Archive for the 'segnalazioni' Category

Controesodo: quasi 4mila hanno deciso di tornare

In un articolo sul Sole 24 Ore di oggi Sergio Nava discute i primi dati relativi ai “risultati” della legge n. 238/2010, la cosiddetta “Legge Controesodo” che Guglielmo Vaccaro ed io abbiamo seguito e presentato insieme a molti altri colleghi di entrambi gli schieramenti.

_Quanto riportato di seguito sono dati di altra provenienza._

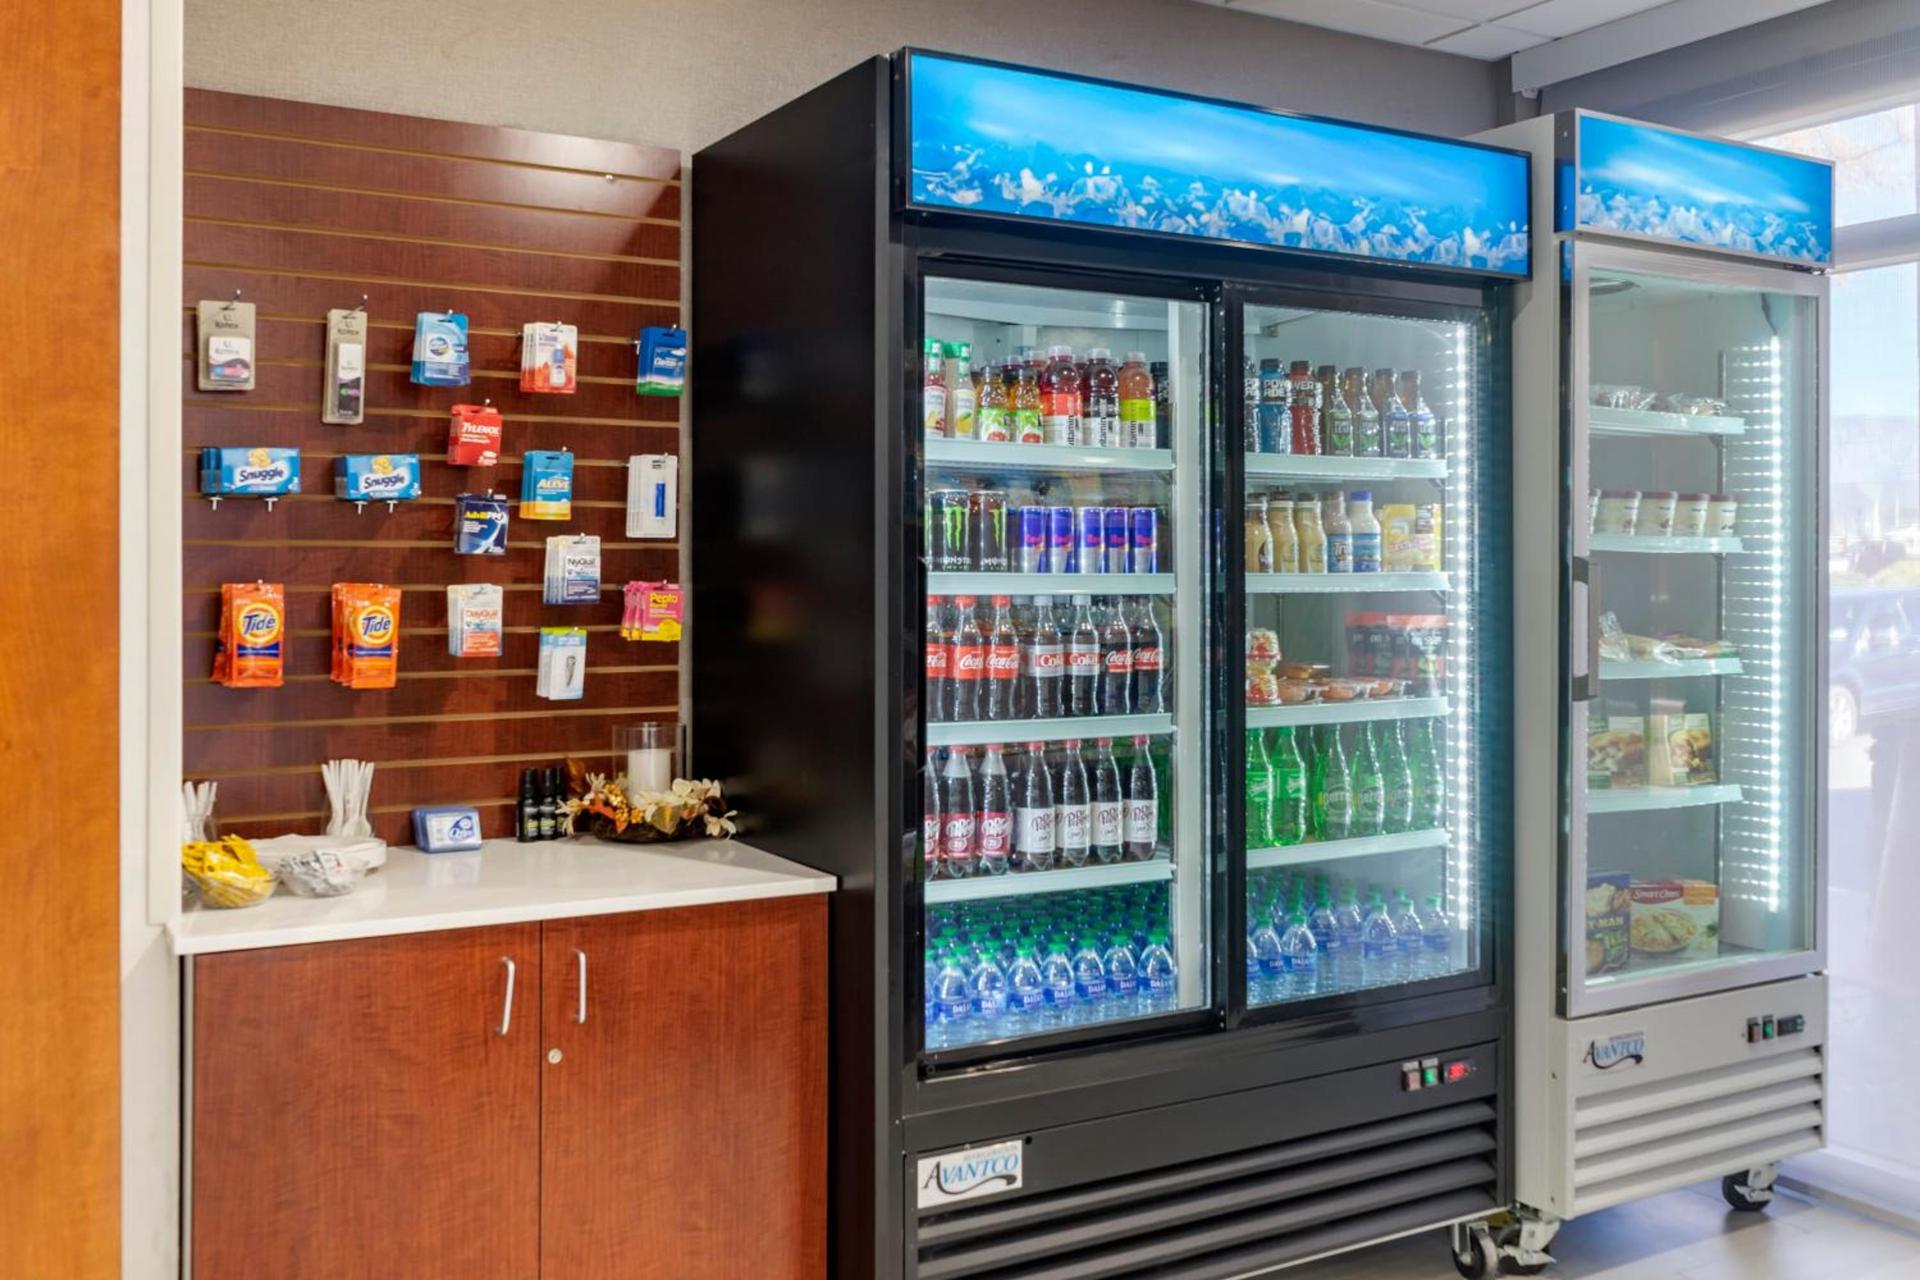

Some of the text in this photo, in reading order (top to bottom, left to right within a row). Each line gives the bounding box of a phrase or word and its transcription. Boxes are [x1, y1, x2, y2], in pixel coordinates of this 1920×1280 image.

Come ho avuto occasione di ripetere molte volte, si tratta del primo step di attuazione di un progetto ambizioso in cui crediamo fortemente, che riguarda il concetto di “circolazione dei talenti”. Siamo, infatti, fortemente convinti che il confronto e la contaminazione con culture, modelli e modalità di lavoro differenti dai propri sia, in generale ma per le nuove generazioni in particolare, un elemento centrale della formazione professionale e personale. I dati di cui ci parla oggi Nava rappresentano la prima importante conferma di questa convinzione: nel 2011, primo anno in cui è stato possibile usufruire degli incentivi fiscali previsti dalla legge, quasi 4.000 italiani residenti all’estero hanno deciso di tornare in Italia utilizzando la legge Controesodo.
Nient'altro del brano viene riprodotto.